Real estate technology entrepreneur

Ryan Williams is an American technology entrepreneur who founded the companies Cadre and Ellis. He was chief executive officer of Cadre, a digital real estate investment platform, through its acquisition by Yieldstreet in 2024. Williams is the founder and chief executive officer of Ellis, an artificial intelligence-based operations platform for private credit. Ellis publicly launched in July 2026 after raising $11 million in seed financing led by First Round Capital.

Williams raised and invested more than $1.2 billion in real estate investments through Cadre, including receiving investments from Jared Kushner, Mark Cuban, Soros Fund Management, Vinod Khosla and Andreessen Horowitz. As one of few African American real estate technology founders and CEOs, he has often advocated for actionable change in his industry and society. Among other specific changes, he has advocated for increasing education about financial literacy as a key to closing America's racial wealth gap.

In a 2025 interview with the podcast Masters of Scale, Williams indicated that he was forming a new company "at the intersection of financial services and technology."
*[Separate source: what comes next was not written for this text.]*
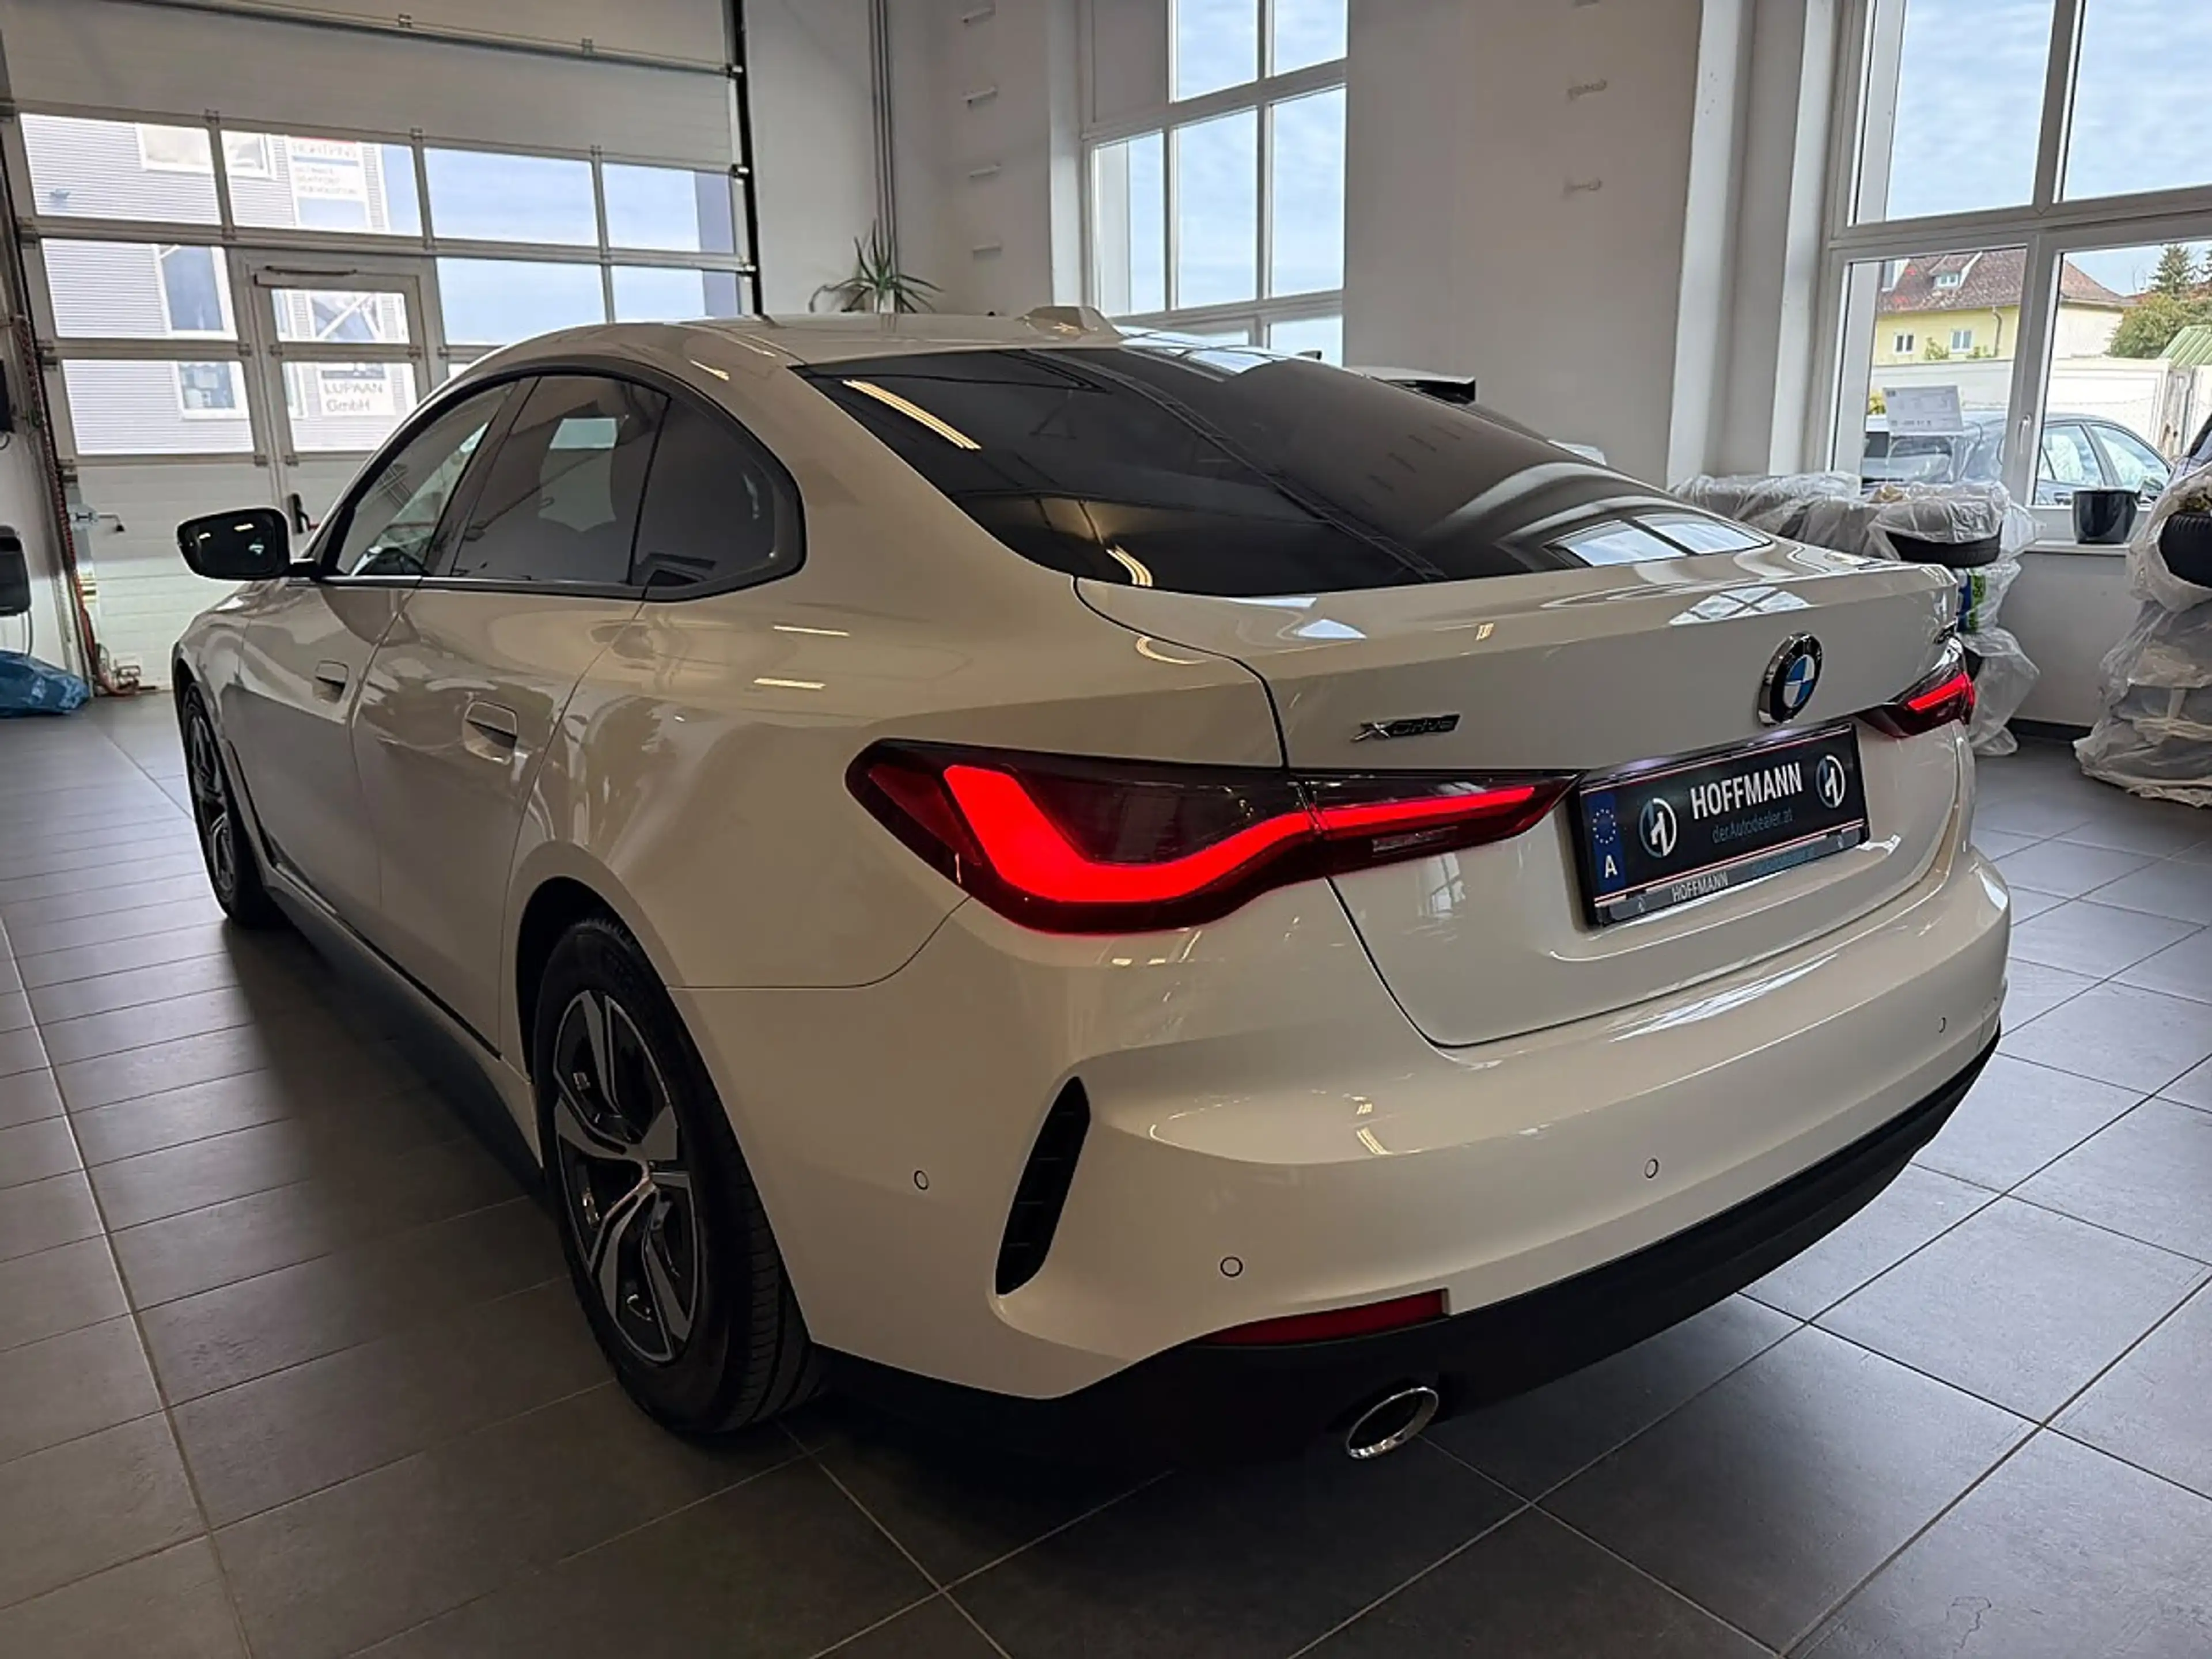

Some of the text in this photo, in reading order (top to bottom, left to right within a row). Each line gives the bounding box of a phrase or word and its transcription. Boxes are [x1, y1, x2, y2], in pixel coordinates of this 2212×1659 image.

[1690, 762, 1803, 820] HOFFMANN
[1604, 855, 1618, 878] A
[1672, 871, 1729, 903] HOFFMANN
In mid-2025, Williams was named as partner of Jay-Z in building inclusive ownership in a potential Times Square, New York casino as part of Caesars' bid to secure a New York gaming license. The partnership is intended to allow low-income and diverse households, which have often been excluded from capital markets, to participate in the growth of the gaming project.

==Early life==

Williams was born in Baton Rouge, Louisiana, and founded a sports apparel company at 13. Williams matriculated to Harvard University, where he founded the Veritas Financial Group, the school’s largest undergraduate financial literacy group.

==Career==

=== Early career ===
Williams began his career in real estate technology during his undergraduate term at Harvard. He was inspired to create a system to track foreclosed homes after seeing the impact of foreclosures during a trip to Atlanta. By using data about properties and neighborhoods, he was able to start a business purchasing deeply undervalued homes and restoring them to occupancy. This business "flipping" homes with classmates and others as investors was his first entrepreneurial venture. In 2020, he highlighted the importance of Citizens Trust Bank, an Atlanta bank founded by five Black businessmen and currently a Black-owned bank, to his early success. As a young Black man he was denied loans by 10 other banks before the then-chairman of Citizens Trust personally called to say that he believed in Williams.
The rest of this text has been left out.